Le stagioni della fenice
Quando risorsi dalle ceneri, come in ogni mia precedente rinascita, avvertii che nulla era cambiato, che l’unica prospettiva futura sarebbe stata quella di consumarmi dolorosamente tra le fiamme... ancora una volta.
Non ho più alcuna certezza, l’intero mio universo vacilla, nervosamente, oscillando tra un estremo e l’altro delle possibili verità, senza lasciarmi intravedere alcun indizio utile per comprendere il senso di ciò che mi accade.
Credo di essermi perfino abituato al dolore che, immancabile, segue la rinuncia di ciò che ho faticosamente costruito e che adesso mi si sgretola innanzi, quella greve sensazione di sconfitta che aggiunge un ulteriore epilogo alla mia esistenza e che, anche questa volta, mi porterà a mutare direzione, nella intima abusata speranza di poter finalmente trovare la mia strada, qualunque essa sia.
Vorrei porre fine una volta per tutte a questo vizioso ciclo di rinascite, a questo muovermi troppo simile all’affascinate e allo stesso tempo tragica metafora della fenice: il prezzo che ogni volta mi si chiede di pagare – consumarmi in cenere ‐ è davvero troppo esoso se tutto si ripete da troppo tempo, da un insopportabile numero di giorni.
L’orgoglio che un tempo seguiva ogni rinascita è adesso divenuto una profonda sensazione di dolore: l’ammaliante fascino d’allora ha ceduto il posto al cinereo squallore di un meccanico ricostruire, di un doloroso incedere edificando sulle rovine di quel che fino a qualche istante prima credevo incrollabile.
Quel che più mi angoscia è l’avvertire l’inutilità d’ogni gesto, la netta indipendenza di questo dai successivi eventi, ineluttabilmente identici ai precedenti e a quelli che seguiranno: per quanto ogni volta le cose sembrino diverse, quel che rimarrà, alfine, sarà la solita familiare sconfitta, solo più dolorosa delle precedenti.
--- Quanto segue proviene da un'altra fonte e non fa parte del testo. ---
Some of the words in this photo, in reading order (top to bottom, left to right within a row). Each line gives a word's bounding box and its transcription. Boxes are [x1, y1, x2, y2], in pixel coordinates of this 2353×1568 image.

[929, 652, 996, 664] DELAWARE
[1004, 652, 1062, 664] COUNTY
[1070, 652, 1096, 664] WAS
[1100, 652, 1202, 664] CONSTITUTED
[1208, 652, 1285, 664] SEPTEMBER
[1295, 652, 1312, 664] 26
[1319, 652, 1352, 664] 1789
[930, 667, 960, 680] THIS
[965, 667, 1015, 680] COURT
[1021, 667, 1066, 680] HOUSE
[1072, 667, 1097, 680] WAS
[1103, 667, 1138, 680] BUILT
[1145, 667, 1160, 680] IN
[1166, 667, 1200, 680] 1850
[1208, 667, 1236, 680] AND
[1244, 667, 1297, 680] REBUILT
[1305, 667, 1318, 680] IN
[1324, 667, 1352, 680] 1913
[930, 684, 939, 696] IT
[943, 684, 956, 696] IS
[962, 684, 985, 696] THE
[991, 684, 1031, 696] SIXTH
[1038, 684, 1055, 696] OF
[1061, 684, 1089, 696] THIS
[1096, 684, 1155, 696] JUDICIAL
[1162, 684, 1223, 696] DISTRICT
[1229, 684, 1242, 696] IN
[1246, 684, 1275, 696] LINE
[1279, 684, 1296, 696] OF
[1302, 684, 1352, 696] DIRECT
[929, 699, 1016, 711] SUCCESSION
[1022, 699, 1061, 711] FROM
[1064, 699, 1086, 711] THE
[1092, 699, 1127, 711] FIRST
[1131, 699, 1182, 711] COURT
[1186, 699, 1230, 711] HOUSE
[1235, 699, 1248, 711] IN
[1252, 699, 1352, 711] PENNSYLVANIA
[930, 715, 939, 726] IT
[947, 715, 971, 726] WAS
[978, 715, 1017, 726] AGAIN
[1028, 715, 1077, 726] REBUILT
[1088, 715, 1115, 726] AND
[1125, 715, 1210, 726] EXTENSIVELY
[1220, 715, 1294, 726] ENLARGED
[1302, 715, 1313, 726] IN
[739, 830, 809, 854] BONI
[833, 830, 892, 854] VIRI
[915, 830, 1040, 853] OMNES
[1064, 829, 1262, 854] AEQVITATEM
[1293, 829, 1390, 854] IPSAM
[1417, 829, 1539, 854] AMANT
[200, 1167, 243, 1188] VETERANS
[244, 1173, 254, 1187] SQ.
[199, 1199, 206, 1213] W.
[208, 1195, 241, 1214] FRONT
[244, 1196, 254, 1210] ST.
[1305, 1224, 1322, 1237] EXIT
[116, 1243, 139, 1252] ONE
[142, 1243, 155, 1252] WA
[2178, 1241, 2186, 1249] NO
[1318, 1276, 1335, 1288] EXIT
Battaglie su battaglie perse, spesso senza neppure combattere, feroci guerre delle quali rammento vividamente soltanto l’ultima, quella persa nell’inverno della fenice, nella gelida stagione che preannuncia il rito ultimo delle fiamme e, allo stesso tempo, prelude alla rinascita e a quella sempre più flebile speranza di potermi finalmente affrancare dai precedenti dolori, dando dignità a un destino fino ad adesso ingrato.
Comunque sia, non intravedo altre alternative meno cruente dell’abbandonarmi passivamente tra le fiamme e, in quel rogo, lasciarmi consumare lentamente fino alla fine, nella speranza che quell’epilogo possa condurmi a giorni diversi da quelli che mi si chiudono innanzi.
Tutto è oggi divenuto ancora più insostenibile, così distante da quella analogia con la metafora della fenice e molto più vicino a un vizioso emiciclo che tutto conclude anzitempo, prima che si giunga al naturale termine: le fiamme che mi avvolgono, un tempo preludio di rinascita, sono adesso un lento e interminabile supplizio, una dannazione dell’anima senza alcuna speranza di riscatto.
A distanza di mille e mille rinascite, mi ritrovo adesso privo d’ogni stimolo, d’ogni volontà di lottare e non riesco neppure a ricordare quale sia stata la ragione per la quale, in passato, avevo affrontato indicibili tormenti, il motivo che mi aveva spinto a sfidare ogni ragionevole paura, facendo perdere consistenza perfino alla morte, quel motivo oggi così estraneo.
Avverto l’approssimarsi dell’ultimo inverno, quello che conclude il ciclo di tutte le stagioni a me concesse e racchiuse in sé ogni giorno vissuto: una gelida brezza sulle palpebre ormai chiuse precede il breve attimo nel quale tutto acquisterà un senso, l’istante dove riuscirò comunque a sollevarmi dal fardello dei troppi giorni senza sole.